Precipitating Factors: Infection, nasal polyps, anatomical deformities, such as deviated septum that blocks the sinus ducts

Treatment: Treat with antibiotics, decongestants, surgical drainage, if necessary

Prevention: None

Temporomandibular Joint (TMJ) Headaches

Symptoms: A muscle-contraction type of pain, sometimes accompanied by a painful “clicking” sound on opening of the jaw. It is an infrequent cause of headache.

Precipitating Factors: Caused by malocclusion (poor bite), stress, and jaw clenching

Treatment: Relaxation, biofeedback, and the use of a bite plate are the most common treatments. In extreme cases, the correction of malocclusion may be necessary

Prevention: Same as treatment

Tension-Type Headaches

Symptoms: Dull, non-throbbing pain, frequently bilateral, associated with tightness of scalp or neck. Degree of severity remains constant.
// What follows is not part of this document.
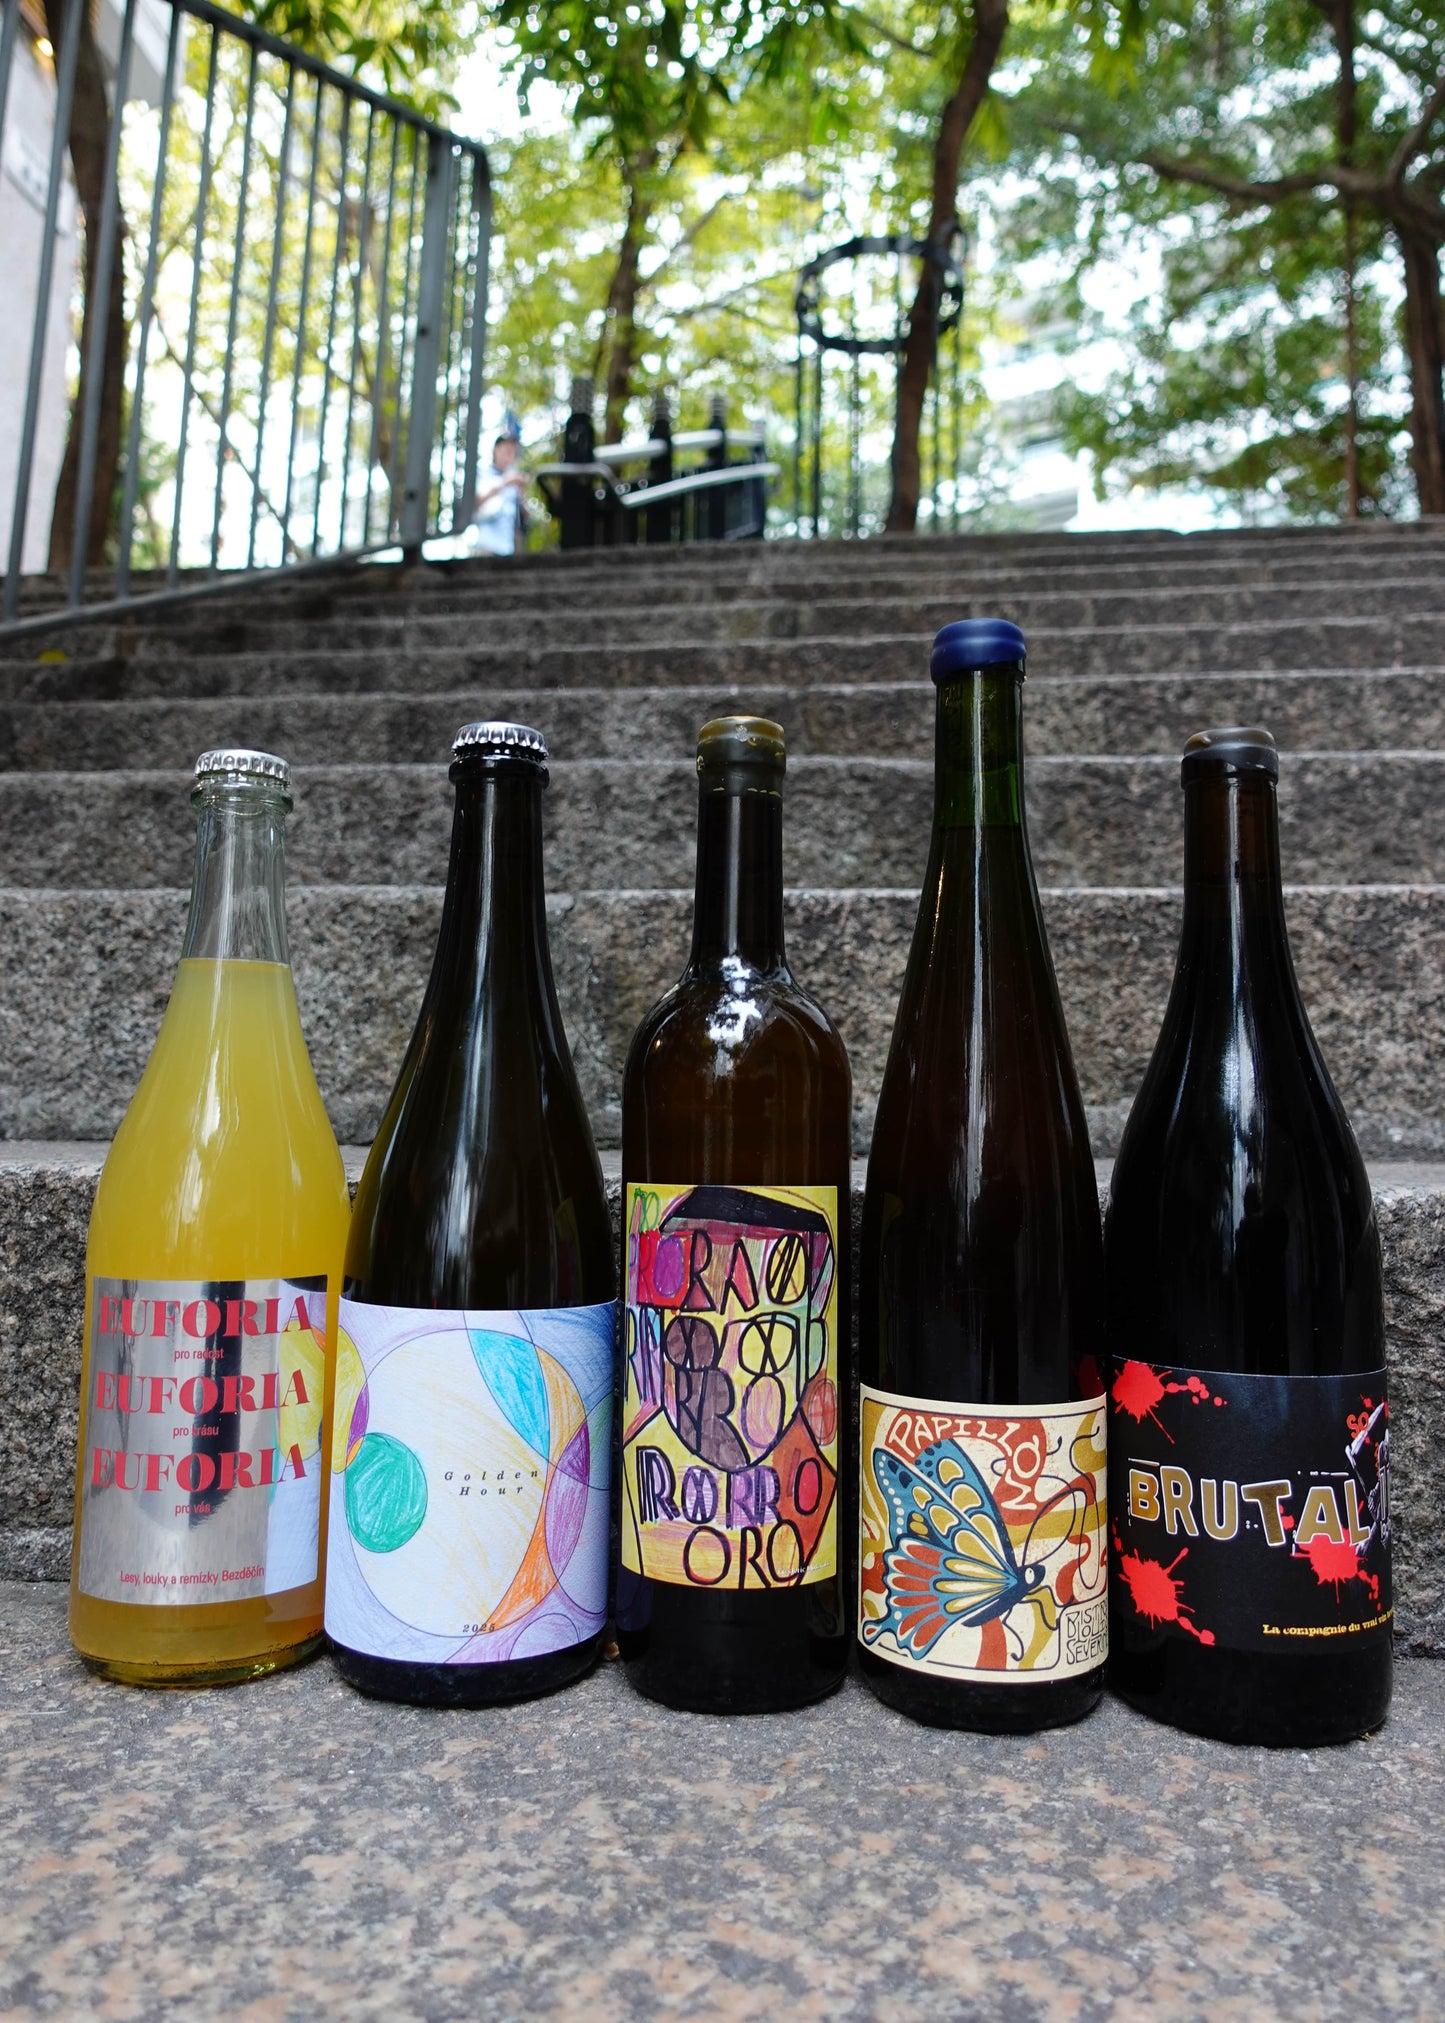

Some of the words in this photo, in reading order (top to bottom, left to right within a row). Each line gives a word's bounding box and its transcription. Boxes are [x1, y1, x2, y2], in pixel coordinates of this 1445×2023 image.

Precipitating Factors: Emotional stress, hidden depression

Treatment: Rest; aspirin; acetaminophen; ibuprofen; naproxen sodium; combinations of analgesics with caffeine; ice packs; muscle relaxants; antidepressants, if appropriate; biofeedback; psychotherapy; temporary use of stronger prescription analgesics, if necessary.

Prevention: Avoidance of stress; use of biofeedback; relaxation techniques; or antidepressant medication

Tic Douloureux Headaches

Symptoms: Short, jab like pain in trigger areas found in the face around the mouth or jaw; frequency and longevity of pain varies. It is a relatively rare disease of the neural impulses and is more common in women after age 55.

Precipitating Factors: Cause unknown, pain from chewing, cold air, touching face. If under age 55, may result from neurological disease, such as MS.

Treatment: Anticonvulsants and muscle relaxants, neurosurgery

Prevention: None

Tumor Headache

Symptoms: Pain progressively worsens; projectile vomiting; possible visual disturbances speech or personality changes; problems with equilibrium; gait, or coordination; seizures. It is an extremely rare condition.

Precipitating Factors: The cause of tumor is usually unknown.

Treatment: If discovered early, treat with surgery or newer radiological methods.